2025-04-15 理化学研究所
図1 進化力学系ゲーム理論が解き明かす制度進化の仕組み
<関連情報>
- https://www.riken.jp/press/2025/20250415_2/index.html
- https://www.pnas.org/doi/10.1073/pnas.2500960122
進化的力学系ゲームにおける自己組織化機関 Self-organized institutions in evolutionary dynamical-systems games
Kenji Itao and Kunihiko Kaneko
Proceedings of the National Academy of Sciences Published:April 11, 2025
DOI:https://doi.org/10.1073/pnas.2500960122
Significance
How do communities self-organize to manage a changing environment? Answering this requires addressing the emergence of shared, context-dependent criteria for “cooperativeness.” Existing game-theoretic frameworks with prescribed cooperation and defection face challenges in explaining it.

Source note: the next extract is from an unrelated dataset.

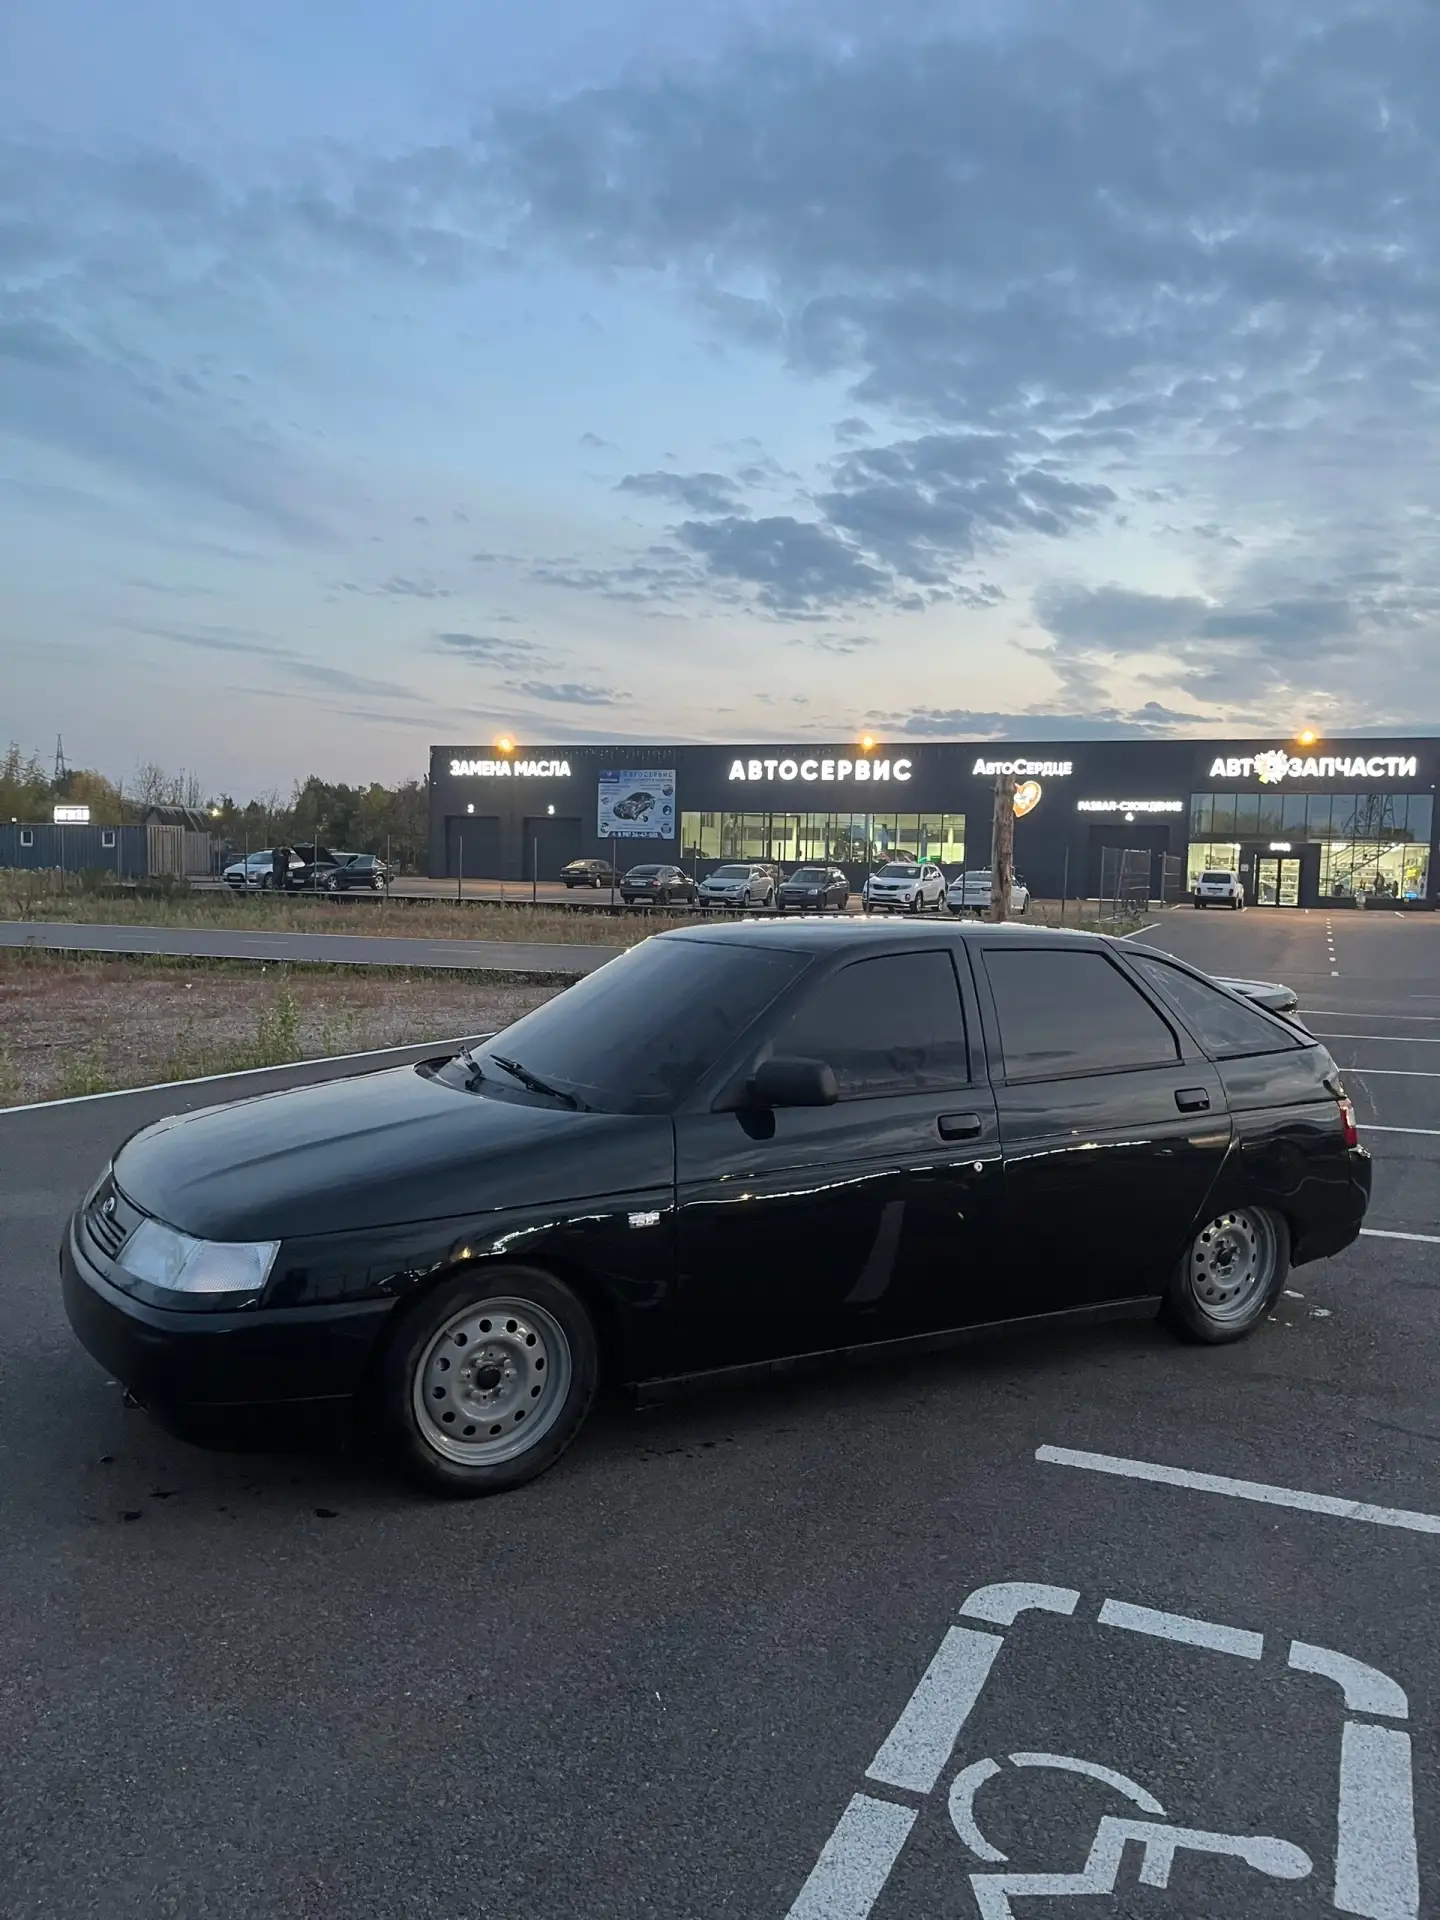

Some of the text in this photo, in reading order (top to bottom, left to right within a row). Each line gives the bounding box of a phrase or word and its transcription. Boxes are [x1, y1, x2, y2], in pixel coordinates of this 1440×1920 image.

Here, we introduce evolutionary dynamical-systems game theory, which models the interdependent dynamics of game actions and naturally growing resources, alongside the evolution of cognitive frameworks for decision-making. In this model, the same action can serve as either cooperation, defection, or punishment, depending on the evolved cognitive frameworks and the context of environmental and players’ states. The emergent institutions generate temporal regularity in social and environmental dynamics. By establishing general game-theoretic concepts, this study offers a conceptual framework to elucidate the emergence and transition of institutions.
Abstract
Social institutions are systems of shared norms and rules that regulate people’s behaviors, often emerging without external enforcement. They provide criteria to distinguish cooperation from defection and establish rules to sustain cooperation, shaped through long-term trial and error. While principles for successful institutions have been proposed, the mechanisms underlying their emergence remain poorly understood. To address this, we introduce the evolutionary dynamical-systems game theory that couples game actions with environmental dynamics and explores the evolution of cognitive frameworks for decision-making. We analyze a minimal model of common-pool resource management, where resources grow naturally and are harvested. Players use decision-making functions to determine whether to harvest at each step, based on environmental and peer monitoring. After evolution, decision-making functions enable players to detect selfish harvesting and punish it by overharvesting, which degrades the environment. This process leads to the self-organization of norms that classify harvesting actions as cooperative, defective, or punitive. The emergent norms for “cooperativeness” and rules of punishment serve as institutions. The environmental and players’ states converge to distinct modes characterized by limit-cycle attractors, representing temporal regularities in socio-ecological systems. These modes remain stable despite slight variations in individual decision-making, illustrating the stability of institutions. We measure evolutionary robustness of decision-making functions, defined as the capacity to keep dominance against invasion. It is revealed that plasticity, the ability to adjust actions to cope with diverse opponents, allows for such robustness. This work introduces foundational concepts in evolutionary dynamical-systems games and elucidates the mechanisms underlying the self-organization of social institutions.